Qatar has harshly criticised Israel’s prime minister, accusing Benjamin Netanyahu of deliberately obstructing ceasefire and hostage release negotiations with Hamas for personal political gain.
Doha’s foreign ministry spokesperson, Majed al-Ansari, said on Wednesday night that his government was “appalled” by leaked remarks allegedly made by Netanyahu in which he criticised the country’s mediation efforts over the war in Gaza, adding that the Israeli leader’s comments were “irresponsible and destructive” but “not surprising”.
“If the reported remarks are found to be true, the Israeli PM would only be obstructing and undermining the mediation process, for reasons that appear to serve his political career instead of prioritising saving innocent lives, including Israeli hostages,” Ansari wrote on X, formerly Twitter.
Netanyahu’s office is yet to issue a response in the public spat, which threatens to complicate the already arduous negotiations on aid, a ceasefire and the release of approximately 130 hostages believed to still be in captivity in the Gaza Strip.
At least 20 people were killed and 150 wounded while waiting for the distribution of aid in Gaza City, local authorities said on Thursday, as fierce fighting continues to rage across the besieged coastal territory. Hamas blamed Israel for the attack. The Israel Defense Forces did not immediately respond to a request for comment.

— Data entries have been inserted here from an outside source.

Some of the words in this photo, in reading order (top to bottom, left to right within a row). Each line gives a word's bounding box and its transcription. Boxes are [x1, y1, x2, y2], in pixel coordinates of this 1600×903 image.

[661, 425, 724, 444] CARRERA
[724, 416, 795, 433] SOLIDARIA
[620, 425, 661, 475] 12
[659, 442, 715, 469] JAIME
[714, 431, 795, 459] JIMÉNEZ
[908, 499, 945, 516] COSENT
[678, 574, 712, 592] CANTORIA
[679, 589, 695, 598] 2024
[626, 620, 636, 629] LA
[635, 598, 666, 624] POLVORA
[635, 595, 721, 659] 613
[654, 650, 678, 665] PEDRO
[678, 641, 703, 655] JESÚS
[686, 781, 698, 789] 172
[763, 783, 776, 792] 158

On Thursday, Israel’s far-right finance minister, Bezalel Smotrich, fanned the flames with a post on X accusing Qatar of being responsible for the 7 October Hamas attack, calling the Gulf state the “patron of Hamas” and “a country that supports terrorism and finances terrorism”.

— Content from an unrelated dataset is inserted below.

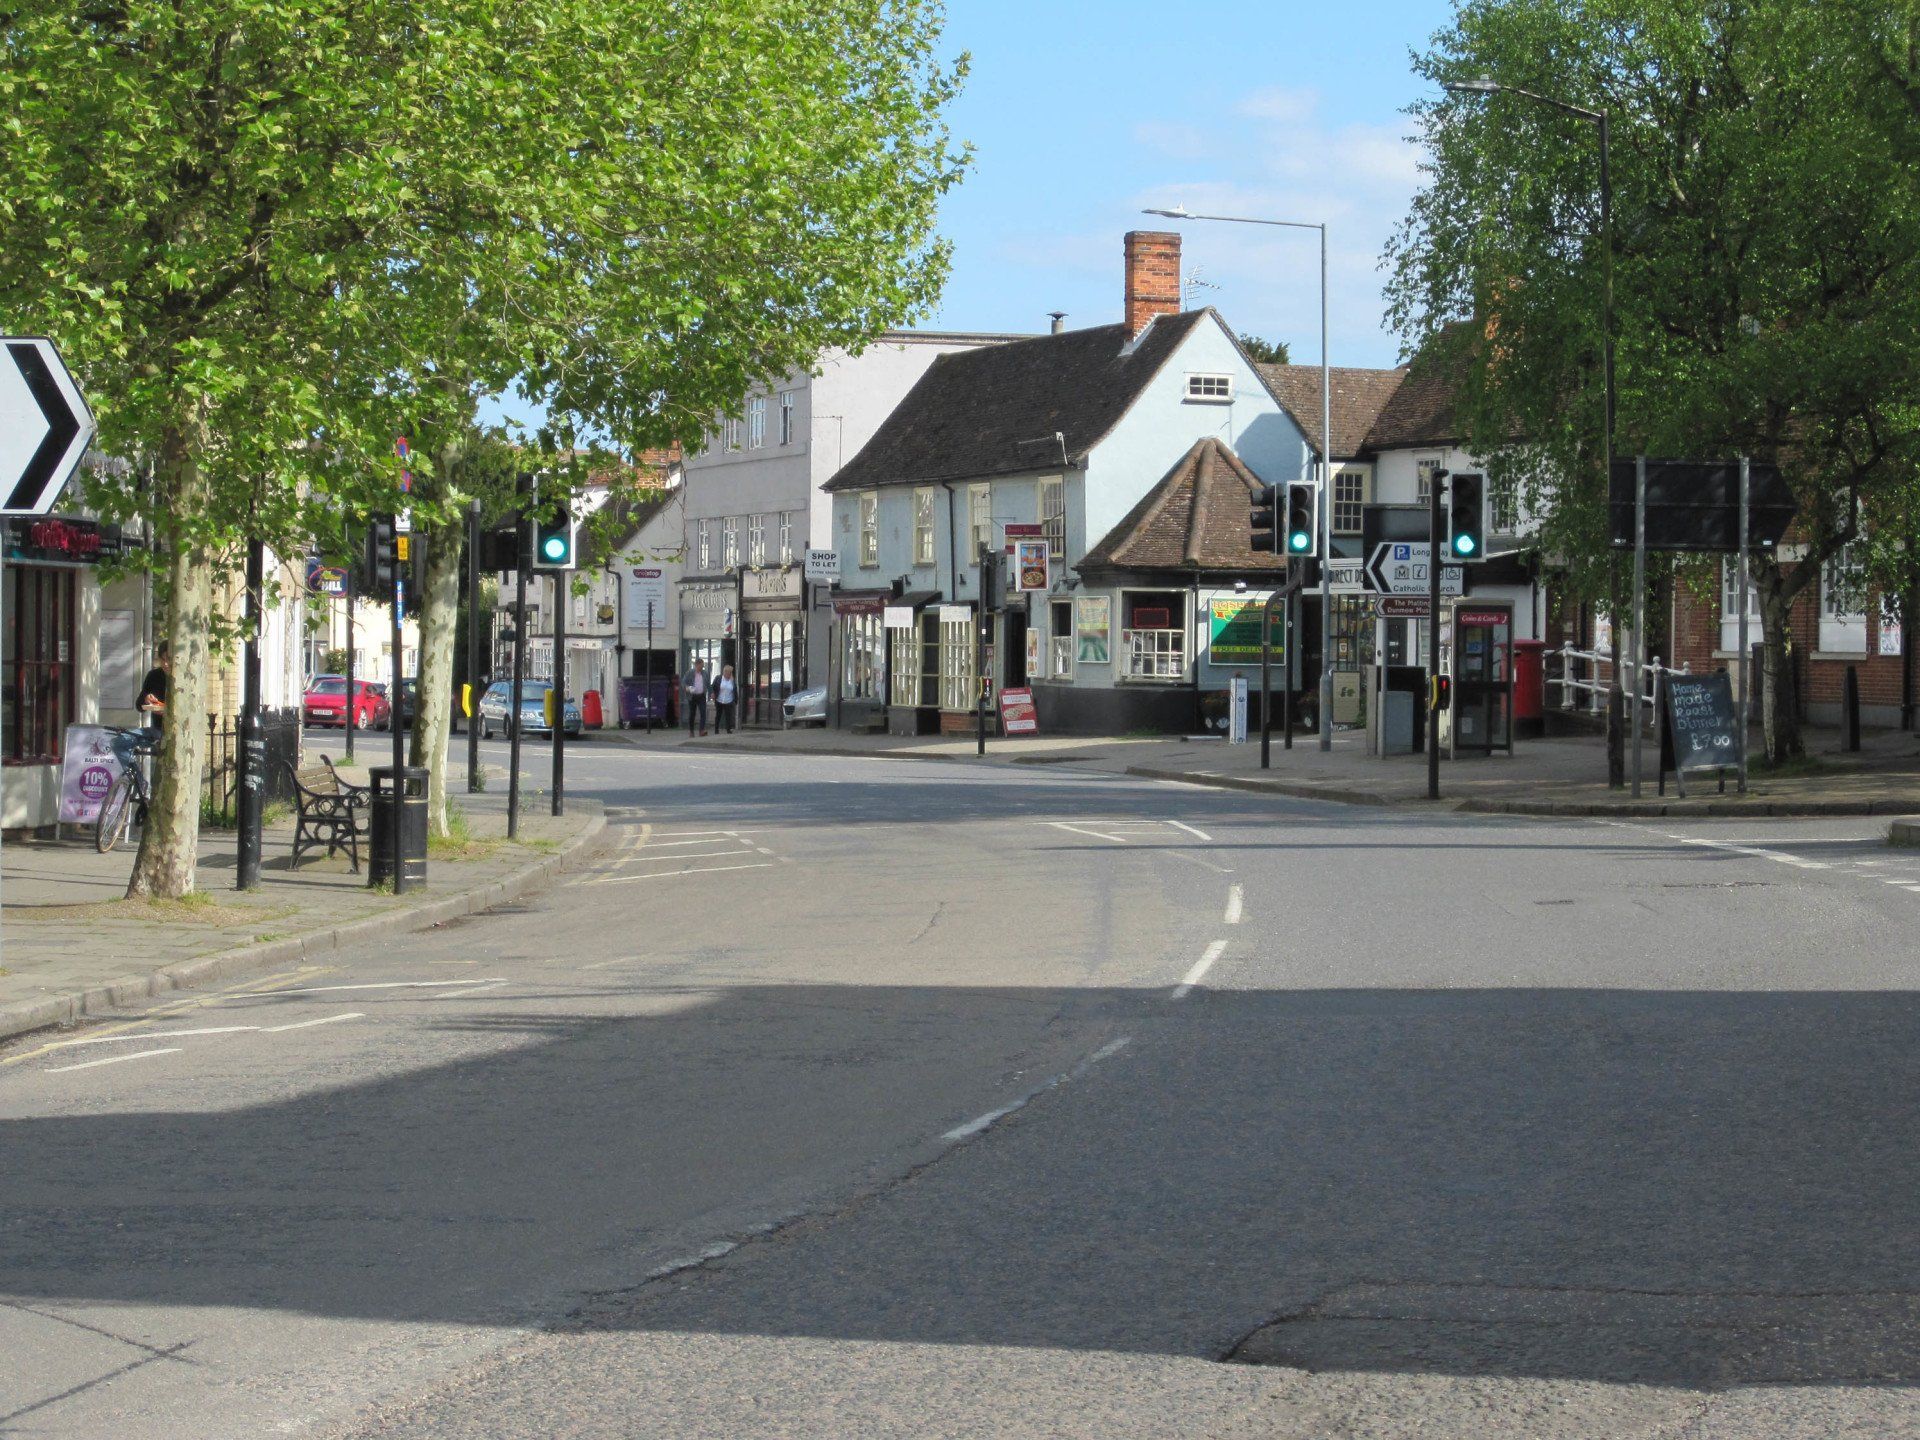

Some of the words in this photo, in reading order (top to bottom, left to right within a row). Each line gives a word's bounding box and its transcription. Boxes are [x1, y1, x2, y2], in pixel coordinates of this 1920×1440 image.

Ansari’s statement came in response to recordings of Netanyahu’s closed-door meeting with family members of hostages earlier this week obtained by Israel’s Channel 12, in which he reportedly said Qatar’s role in the mediation process was “problematic”.
The prime minister allegedly told the relatives he had intentionally not thanked Doha for its efforts to date and that he had expressed anger towards the US, Israel’s most important ally, for deciding to keep a military base in the semi-democratic oil state.
“Qatar in my opinion is no different, in essence, from the UN. It is no different, in essence, from the Red Cross, and in some ways it is even more problematic,” he said. “I am prepared to use any actor at the moment that will help me get [the hostages] home. I haven’t any illusions about [Qatar]. They have leverage.”
Israel has long maintained that international organisations such as the UN are biased against it. Doha in recent years has carved out a role as international mediator in conflicts such as Ukraine, Sudan and Afghanistan, as well as in previous rounds of fighting in Gaza. It has deep ties to Hamas and hosts several members of its political wing.
Qatar, along with Egypt and the US, has served as a leading mediator in the three-month war in Gaza sparked by Hamas’s attack on Israel in which 1,140 people were killed and about 250 taken hostage. Israel’s offensive, which it says will completely eradicate the Palestinian militant group, has killed more than 25,700 people and displaced about 85% of the strip’s 2.3 million population from their homes.
Qatar was critical in securing a week-long truce in November in which more than 100 hostages were released in return for 240 women and children held in Israeli jails.
Numerous rounds of negotiations have since faltered. The current deal under review is believed to include a 30-day pause in fighting, during which the remaining Israeli hostages would be freed in several instalments, but the parties are far from agreeing more permanent steps to end the conflict.
Recent diplomatic efforts have been overshadowed by the heaviest fighting in Gaza this year, centred on the southern city of Khan Younis, which the Israeli army said on Wednesday it had “encircled” after two days of airstrikes and fierce ground fighting.
Khan Younis’s three hospitals had been cut off by the fighting, Médecins Sans Frontières and the Palestine Red Crescent said. On Wednesday, a centre in the city run by the UN’s agency for Palestinian refugees, where about 800 people had sought shelter, was hit by shelling, according to the agency’s director. Twelve people were killed and 75 injured, with medical teams unable to access the building.
Israel denied its forces were responsible for the attack.
Support for the war remains high among Israelis, but opinion polls show lagging support for Netanyahu and his far-right coalition. Weekly Saturday night rallies demanding the release of hostages have been supplemented in recent weeks by growing calls for elections.
Tuesday’s killing of 21 Israeli soldiers who were mining buildings for demolition and were hit by grenade fire – the deadliest single incident for Israeli forces in the conflict to date – has fuelled public dissent.
On Wednesday night, traffic on a major motorway was briefly blocked as thousands of people attended a protest in Tel Aviv organised by women’s advocacy groups to demand an immediate government proposal for a new deal to free the hostages.